3. 从细胞膜上提取水溶性的蛋白质和酶方法:
膜上的蛋白质或酶一般有两种存在方式:一种在膜表面上,与膜成分结合较松,经过充分粉碎细胞,在一定PH范围用稀盐溶液即可提取分离;一种是膜的内在成分之一,或与膜结合十分紧密,提取十分困难,需用超声波、去污剂、或其他比较强烈的化学处理,一般常用方法有如下几种:
1)浓盐或尿素等溶液提取 如NaClO4、尿素、盐酸胍等。当以上溶液浓度达到2M时,可抽去27%以上的膜蛋白,但这样的条件易引起蛋白质和酶的变性。
2)碱溶液提取 在pH8-11范围内,某些膜蛋白随着PH值的提高而溶解度大大增加,但碱提取法也容易引起蛋白酶和酶的失活,应用上不广。
3)加入金属螯合剂 蛋白质通过金属离子与膜成分结合时,加入金属螯合剂如EDTA可使蛋白质释放出来。

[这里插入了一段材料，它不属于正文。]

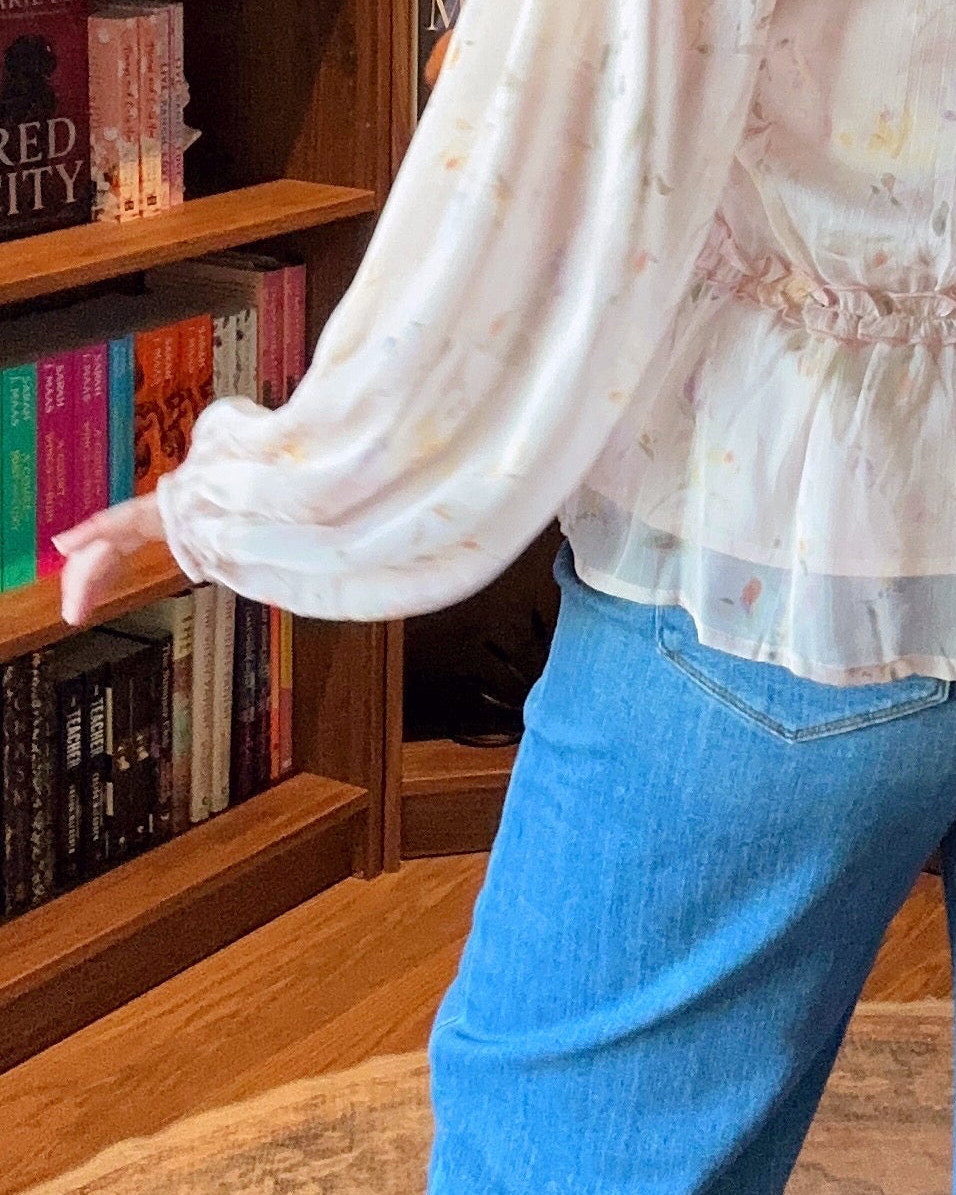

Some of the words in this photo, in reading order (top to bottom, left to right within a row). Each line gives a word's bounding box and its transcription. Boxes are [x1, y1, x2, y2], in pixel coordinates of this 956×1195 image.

4)有机溶剂提取 使用乙醇、吡啶、叔戊醇、正丁醇是抽提膜上结合或内在脂蛋白最常用也最为有效的方法。如正丁醇可在广泛的PH值(3-10)温度范围内(-2- +40)内使用。
5)去垢剂处理
用去垢剂分离膜蛋白时,要考虑两点要素,去垢剂的溶解能力和去垢剂的温和性。强阴离子去垢剂,如SDS,一般具有很好的溶解性能,但温和性不够理想,容易引起蛋白质变性;弱离子型或非离子型去垢剂对蛋白变性影响较小,但溶解能力较差。根据报道,Triton
100用于提取ADP/ATP载体蛋白时,由于作用较为温和,故所得蛋白活性要高于使用其他去污剂。去垢剂的溶解能力与溶液的离子强度有关,一般说两者呈现正比关系。